Man, I love Aquaman–to the point where I was basically the go-to guy back in the Comics Alliance days when they needed someone to defend Aquaman–but I don’t think I could go as far as to say he’s the literal best. Like, I wouldn’t put Aquaman on a list above Superman or Wonder Woman. But I do think he is vastly underrated as a character.
Setting aside the fact that the reason most people think he is dumb is due to a misunderstanding of his powers–which creates a feedback loop in which creators then try too hard to make his powers NOT look dumb, which only makes the book actually, measurably dumber–Arthur Curry is a really interesting character that plays a role that other characters don’t.
Arthur Curry is a man of two worlds in a way that even other “_____ of two worlds” characters aren’t. Superman is an Earthling and a Kryptonian, but it is incredibly unlikely that in his adulthood, he’s going to be called back to be king of Krypton. He inhabits a liminal space in that he belongs to two incredibly different cultures, while standing apart from each of them. He was raised among humans, but his powers make him an outcast. He is the hereditary ruler of Atlantis, but his own people reject him for his human background. He protects the land from the sea, and the sea from the land. He tries to use Atlantean tech and magic to benefit land humans, and he tries to modernize Atlantean society with human political science. Both reject him. He’s perpetually stuck in the middle, yet never ceases to fight for both sides. (This, btw, is what separates him from Namor, who only cares about Atlantis.)

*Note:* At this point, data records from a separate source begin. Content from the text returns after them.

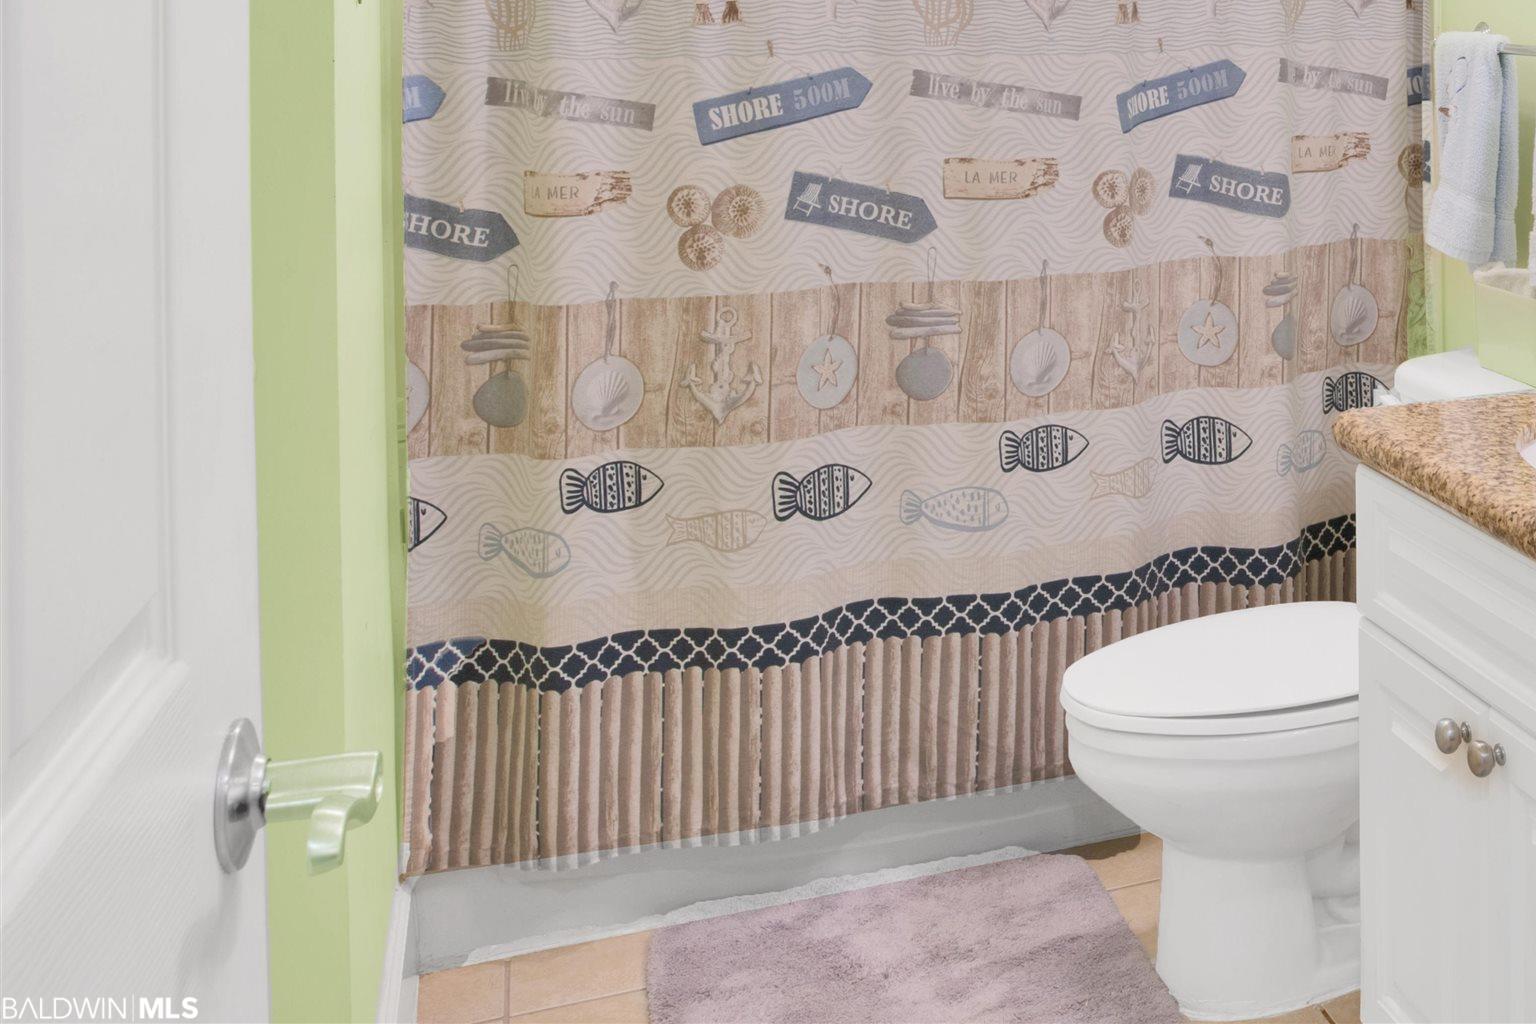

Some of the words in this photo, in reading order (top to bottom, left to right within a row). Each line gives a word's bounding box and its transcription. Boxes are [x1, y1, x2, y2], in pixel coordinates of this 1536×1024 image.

[927, 74, 961, 99] live
[970, 81, 991, 107] by
[1001, 86, 1029, 111] the
[1036, 96, 1063, 115] sun
[1176, 68, 1229, 100] 500M
[559, 94, 592, 120] the
[600, 98, 636, 125] sun
[707, 93, 784, 131] SHORE
[792, 77, 852, 111] 500M
[1298, 146, 1313, 159] LA
[547, 185, 580, 200] MER
[964, 170, 981, 184] LA
[989, 170, 1019, 185] MER
[1208, 174, 1285, 206] SHORE
[828, 193, 914, 231] SHORE
[405, 212, 491, 248] HORE
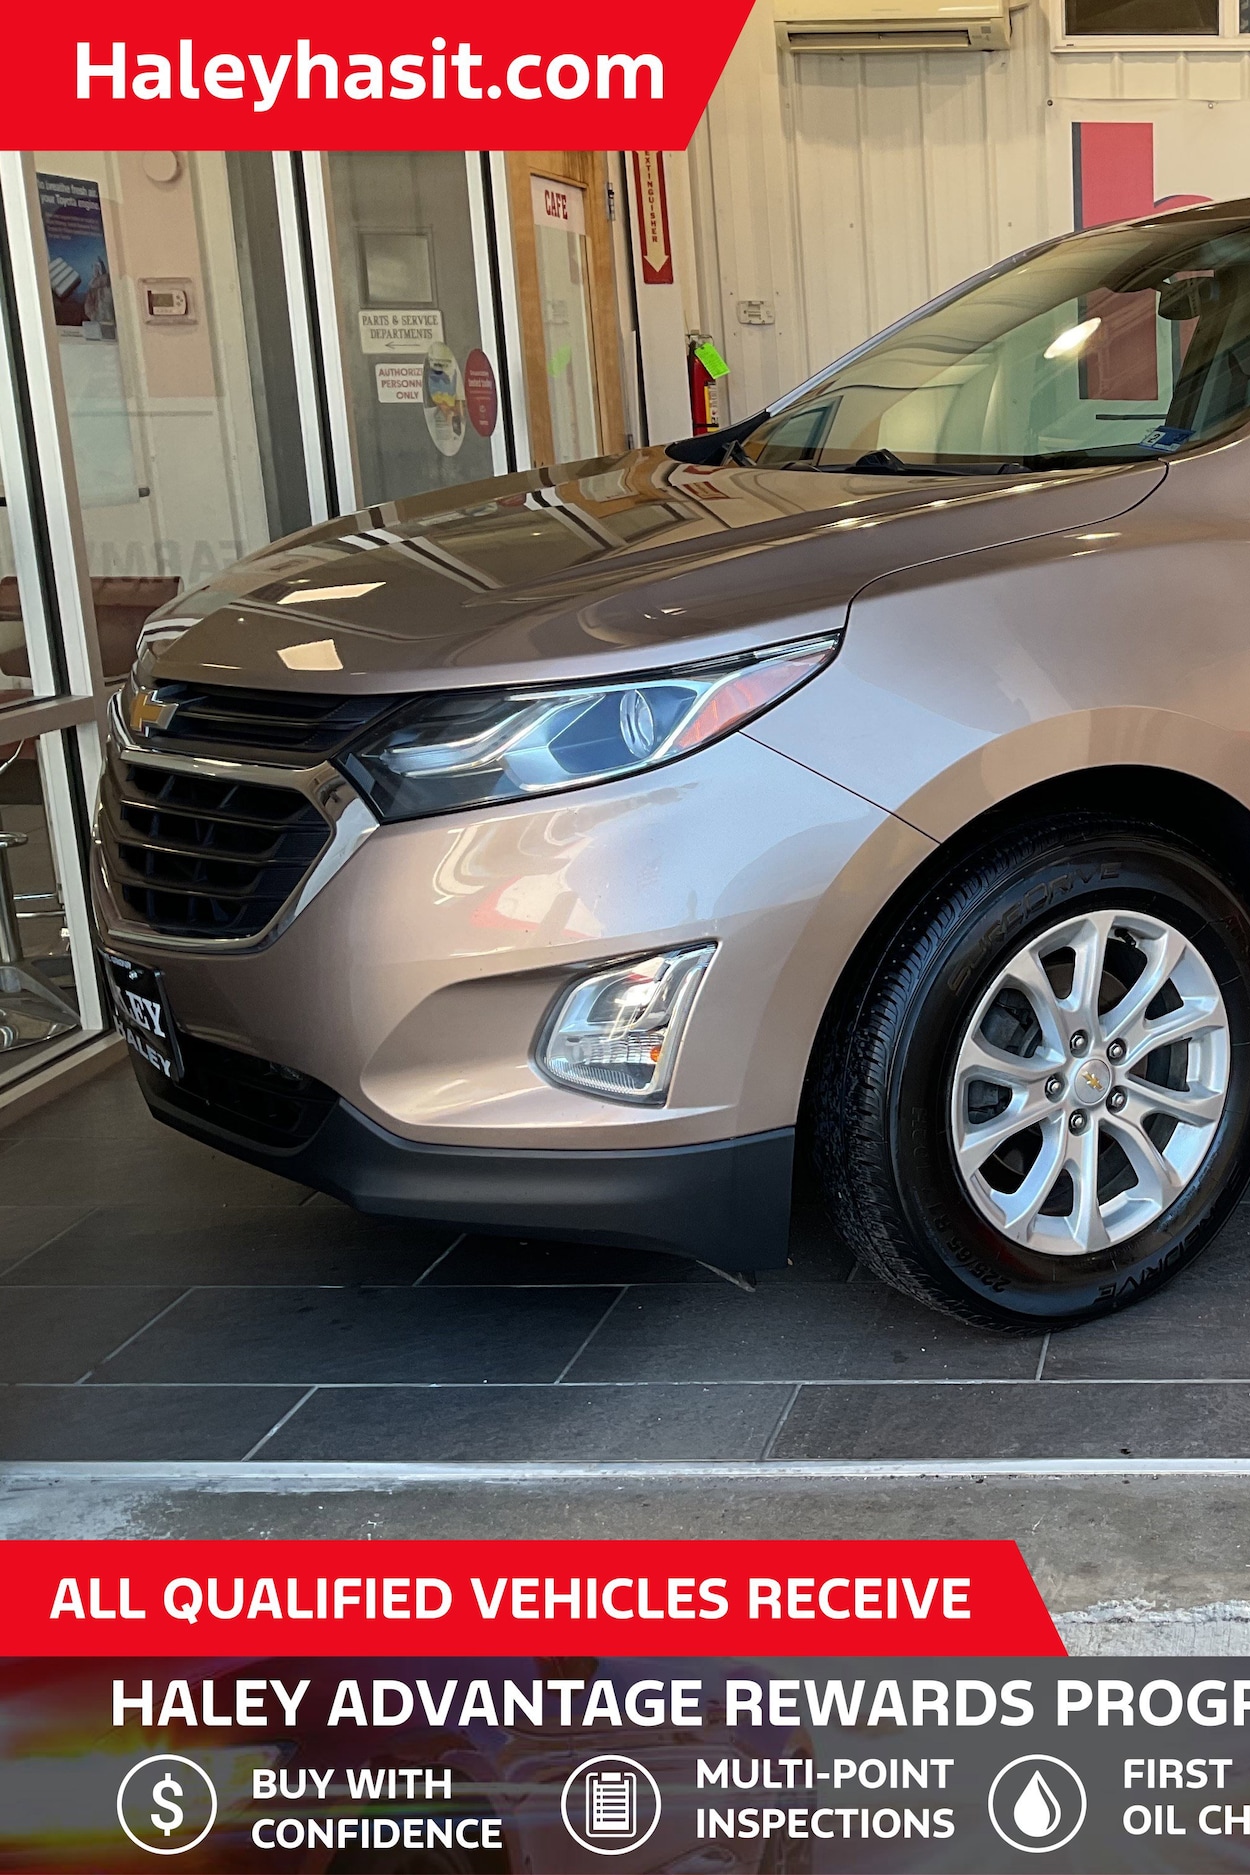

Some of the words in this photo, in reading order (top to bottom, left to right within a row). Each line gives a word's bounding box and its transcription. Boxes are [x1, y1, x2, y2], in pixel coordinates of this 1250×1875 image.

[645, 151, 658, 242] EXTINGUISHER
[544, 189, 568, 220] CAFE
[362, 315, 389, 326] PARTS
[392, 315, 399, 326] &
[401, 315, 439, 326] SERVICE
[370, 328, 433, 339] DEPARTMENTS
[378, 367, 424, 377] AUTHORIZ
[381, 379, 423, 389] PERSONN
[396, 391, 419, 399] ONLY

Aquaman as a book has the potential to be the Game of Thrones of the DC Universe, since Aquaman is basically Ned Stark. He’s the last bulwark between the monsters of the depths and civilization. He doesn’t usually get played that way.
He is also, of course, King Arthur, though that doesn’t get played up enough either. You sometimes get that connection, like in the Waterbearer era, but that was by attaching him to the Lady of the Lake and such, which is not the obvious connection. You have the rightful heir of a great kingdom who is raised in isolation from his own kingdom only to inherit it as an adult. He then assembles a team of like-minded heroes to help leverage might in service of right. This is text, this isn’t me saying, “Oh, here’s what I would do.” That’s…that’s what Aquaman is. But you don’t get the parallels to King Arthur as explicitly as you should, imo.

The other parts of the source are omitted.